Shaun Burnie with Mycle Schneider
Further cooperation between France and Japan on fast breeder reactor design and development has been announced at a May 5th 2014 summit meeting between Prime Minister Abe and President Hollande. The agreement between Japan's Education, Culture, Sports, Science and Technology Ministry (MEXT), the Natural Resources and Energy Agency (ANRE) and France's Alternative Energies and Atomic Energy Commission (CEA) further extends existing collaboration between the two nations in their decades long efforts to establish fast breeder reactor technology.
According to media reports, "the French contingent has made strong demands" to use the sodium-cooled Monju prototype fast breeder reactor as a test facility for fuel intended to be used in France's new demonstration breeder ASTRID (Advanced Sodium Technological Reactor for Industrial Demonstration). The Abe administration has recently recommitted to the Monju project in its new Basic Energy Plan approved in April 2014. French government approval of the ASTRID project dates from 2006, with AREVA playing the lead design role. Detailed design was originally planned to be completed between 2014-2017 and the reactor commissioned by 2020. However, the new agreement will see the operator of Monju, the Japan Atomic Energy Agency (JAEA) and Mitsubishi Heavy Industries, Ltd (MHI) working together with AREVA from 2016 on the basic design of ASTRID, with construction to be completed by 2025. A recent document by the French Nuclear Energy Society (SFEN) states that the ASTRID "detailed pre-project" design is to be completed by 2019 and grid connection is planned for the end of 2026. The document states that "the sodium fast neutron reactor, reference technology with the demonstration reactor ASTRID, responds to a logic based on proven experience: a technology implementable at the time horizon 2040/2050, in close coordination with the industrial partners, and in the framework of international cooperation in terms to be defined."

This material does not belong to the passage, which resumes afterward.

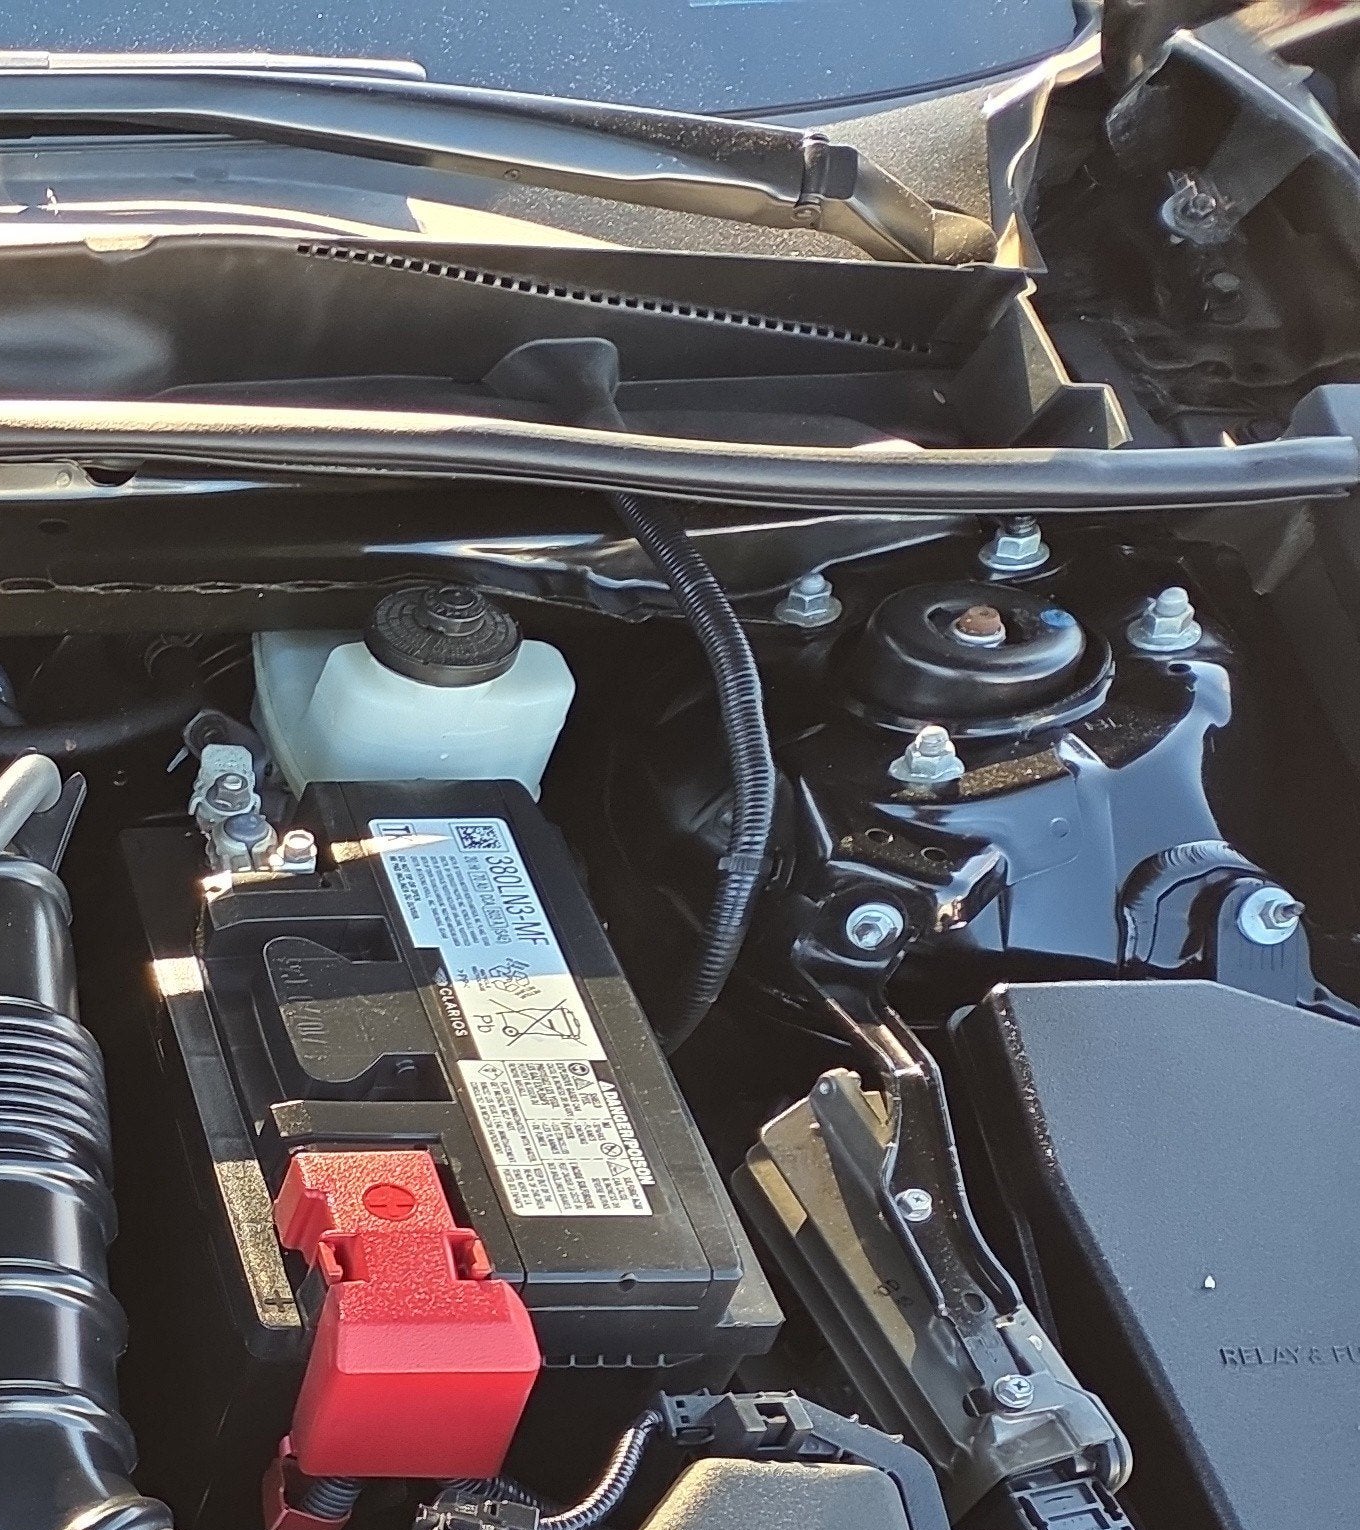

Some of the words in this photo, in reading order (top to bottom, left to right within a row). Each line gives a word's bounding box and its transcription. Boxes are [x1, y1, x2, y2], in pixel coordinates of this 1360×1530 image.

While cooperation between France and Japan in fast breeder reactor research dates back many years, both countries have failed to demonstrate that they can operate the technology within budget and without accident. France abandoned its large commercial breeder reactor Superphenix in 1998 after costly technical, legal and safety problems and one of the worst operating records in nuclear history. The Monju reactor operated from April 1994 to December 1995, when it suffered a sodium leak. It remained closed until May 2010, but was shutdown again in August 2010 following the collapse of fuel transfer equipment. In May 2013, Japan's Nuclear Regulation Authority (NRA) suspended the license for Monju, due to consistent safety and inspection failures and falsifications by JAEA - the NRA chair at the time described the operator as lacking a safety culture and deserving of severe action.
In what clearly is an attempt to revive the much troubled Monju project and breeder reactor development generally, and with the active support of the Hollande government, the Japanese government has committed to speed up the process of reforming the JAEA and will also attempt to secure safety approval by the NRA. Whether this is possible remains in doubt - investigations are on-going into the eight seismic crush zones right under the Monju site on the Tsuruga Peninsula, in Fukui Prefecture. If confirmed as active, Monju would not be permitted to resume operations under NRA regulations. Given these uncertainties and past record of Monju, relying on the reactor for testing ASTRID's nuclear fuel seems at best questionable.
The schedule of the ASTRID project has slipped continuously since it was originally announced in 2006. Its future also remains subject to approval under the new energy bill that should be passed before the end of the year.